Virtual Desktops allow employees to work from anywhere. The flexibility virtual environments allow is ideal for both IT, and the employee. Many virtual desktop solutions do not require upfront hardware costs to implement, and can run through an application.
It’s not all on your employees.
Management has some of the responsibility when it comes to the security of your companies data. Tessian found that employees cut corners when pressured to complete their work quickly.
For some, this has involved using workarounds, and circumventing existing security protocols. It may be a good idea to survey your employees to find out what is working and what isn’t.
Take a closer look.
It’s time to examine your existing security protocols and procedures. What worked in the office, may not work well when it comes to employees working from home.

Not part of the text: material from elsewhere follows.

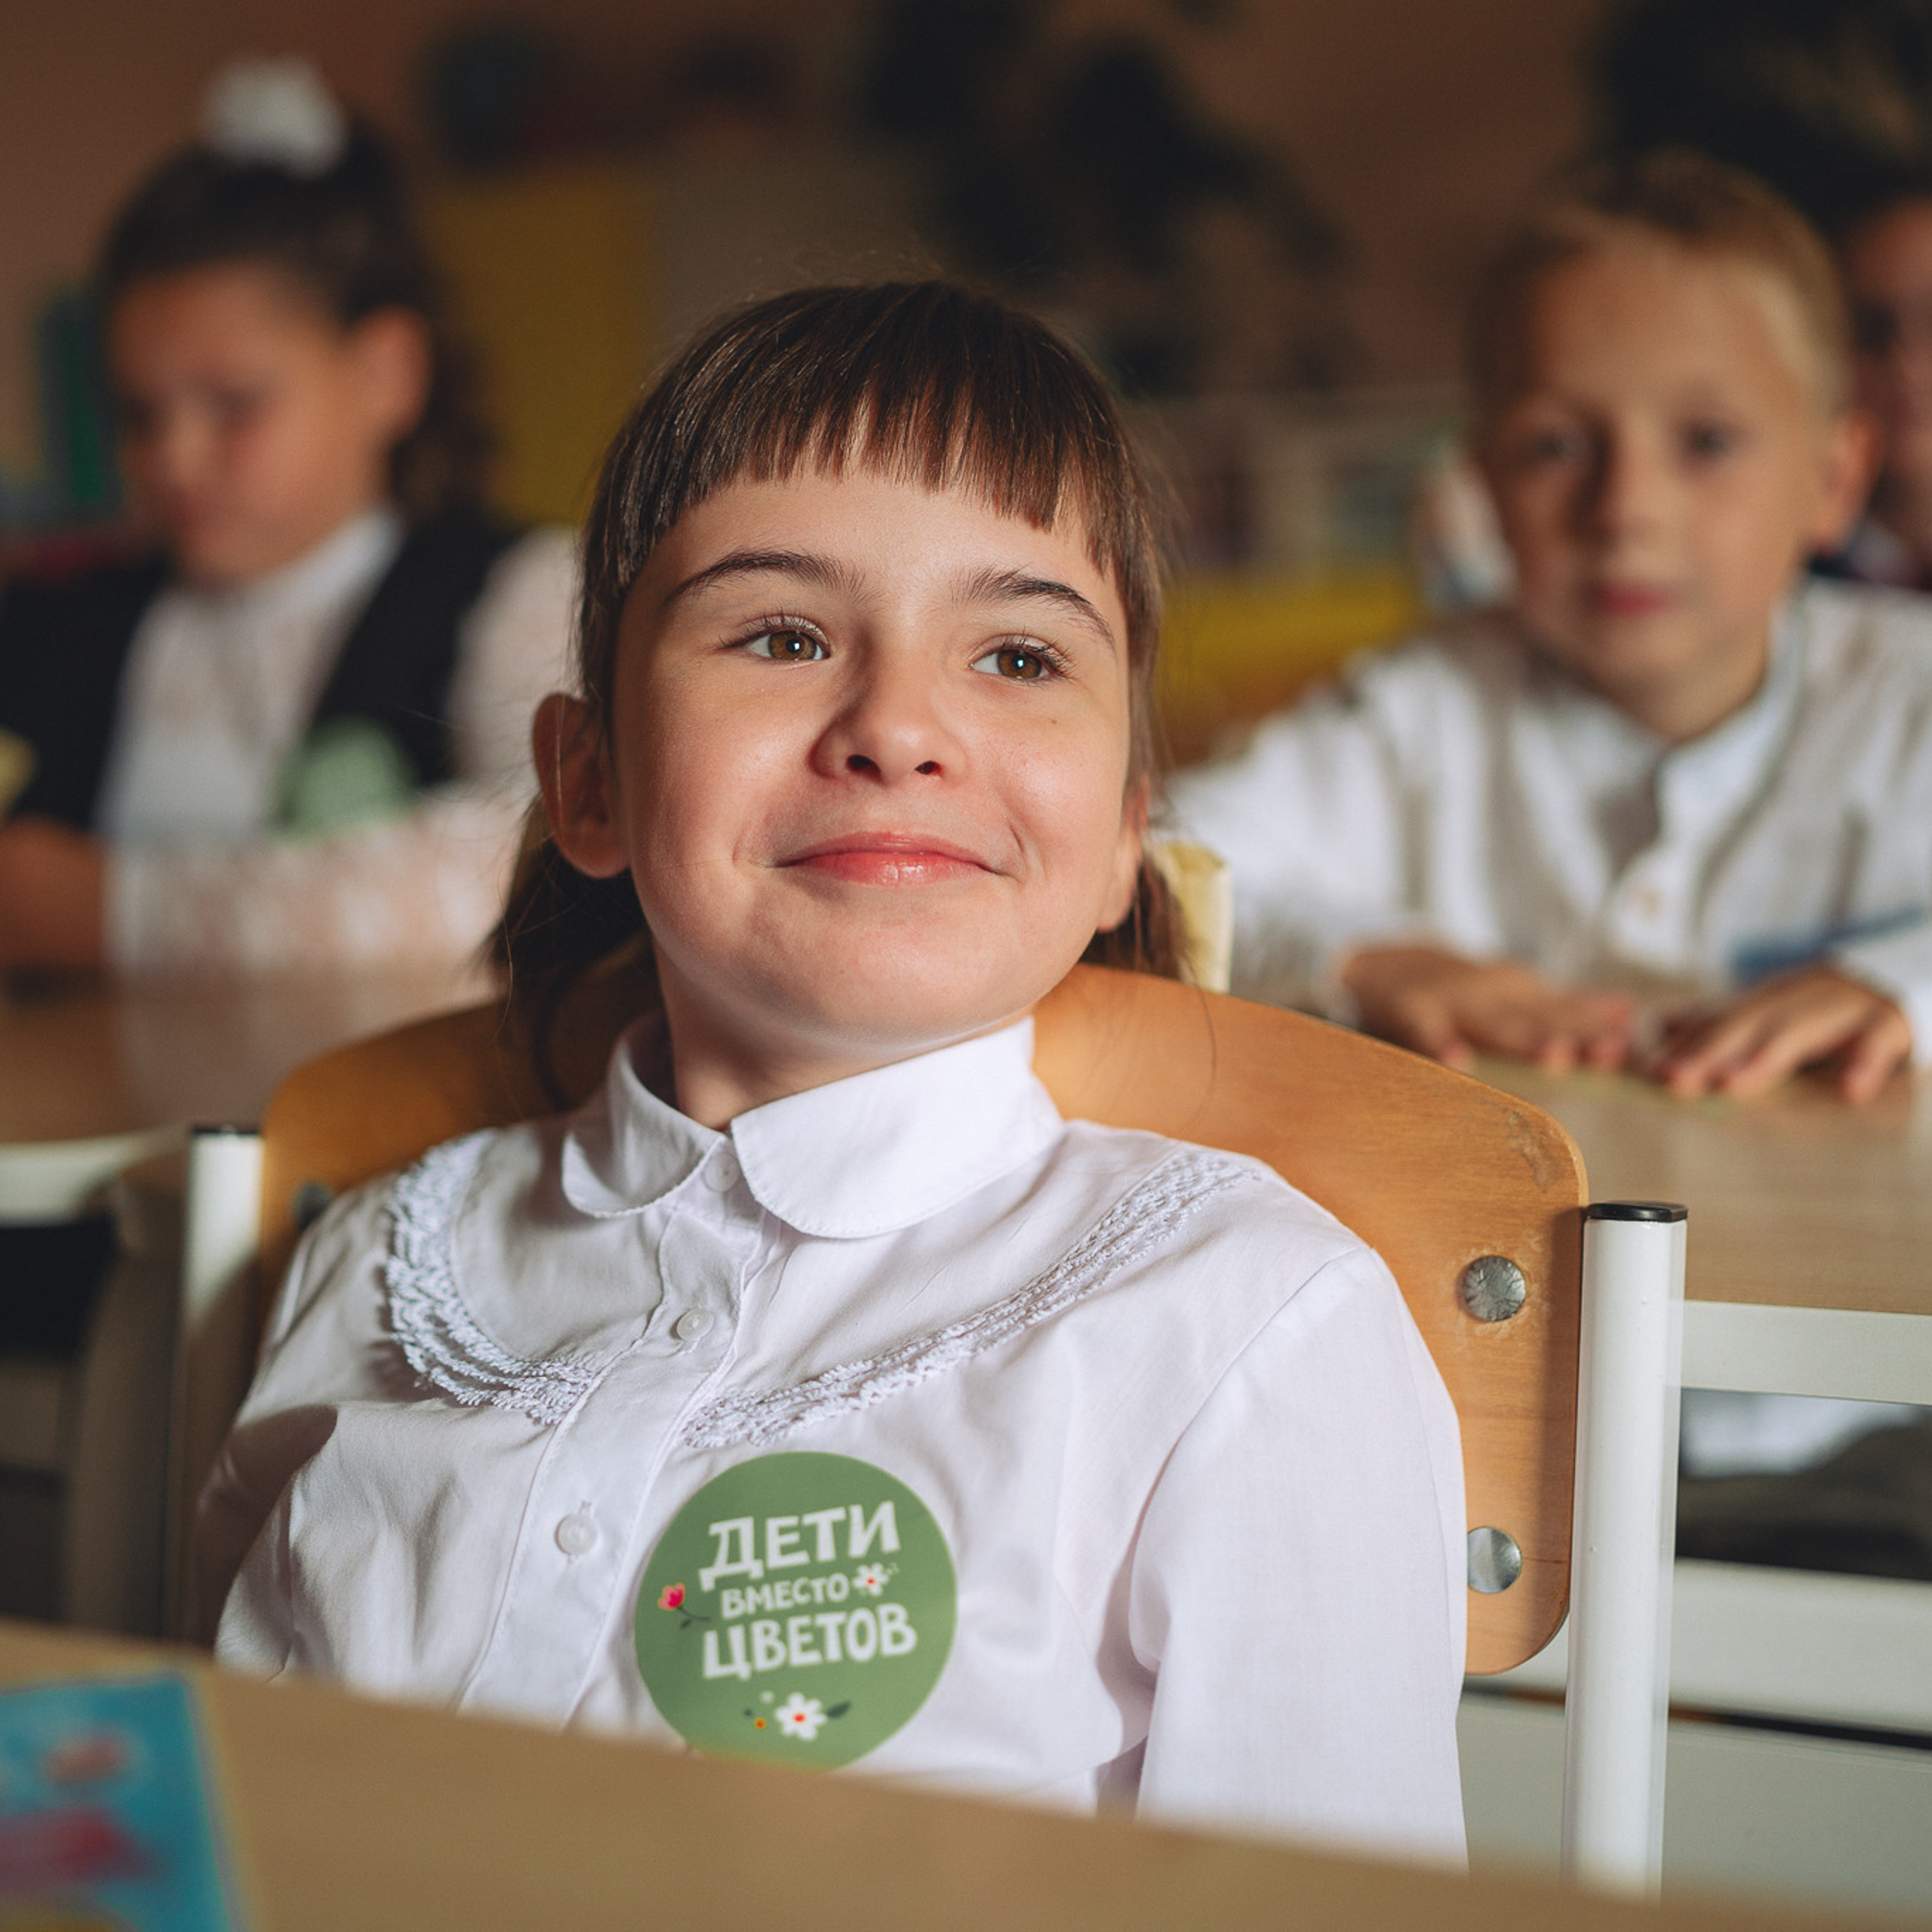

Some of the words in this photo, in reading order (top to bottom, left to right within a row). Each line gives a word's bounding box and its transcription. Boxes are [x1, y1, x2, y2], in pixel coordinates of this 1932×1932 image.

Look at your employee’s personal device. Are they running a tablet, a chrome book or even a Mac? Is the personal device shared, or not? These scenarios should be reviewed so you aren’t unintentionally leaving a security risk unaddressed.
Don’t leave your security unattended.
When is the last time you thoroughly reviewed your security policies, procedures and technology? Chances are you it’s been a while since you reviewed all three at the same time.
For most companies this is the first time they are having to deal with remote employees. By now you are living with the notion of employees working from their home office. Face it, this is the reality we are living in, and it may very well be some time before things change again.
There is never going to be a good time to review and modify your security policies. The summer may be the best time since people normally take vacations.
Use any lull you find and discipline yourself to perform a full review and audit. It doesn’t mean you have to spend money, but you will have to spend some sweat equity.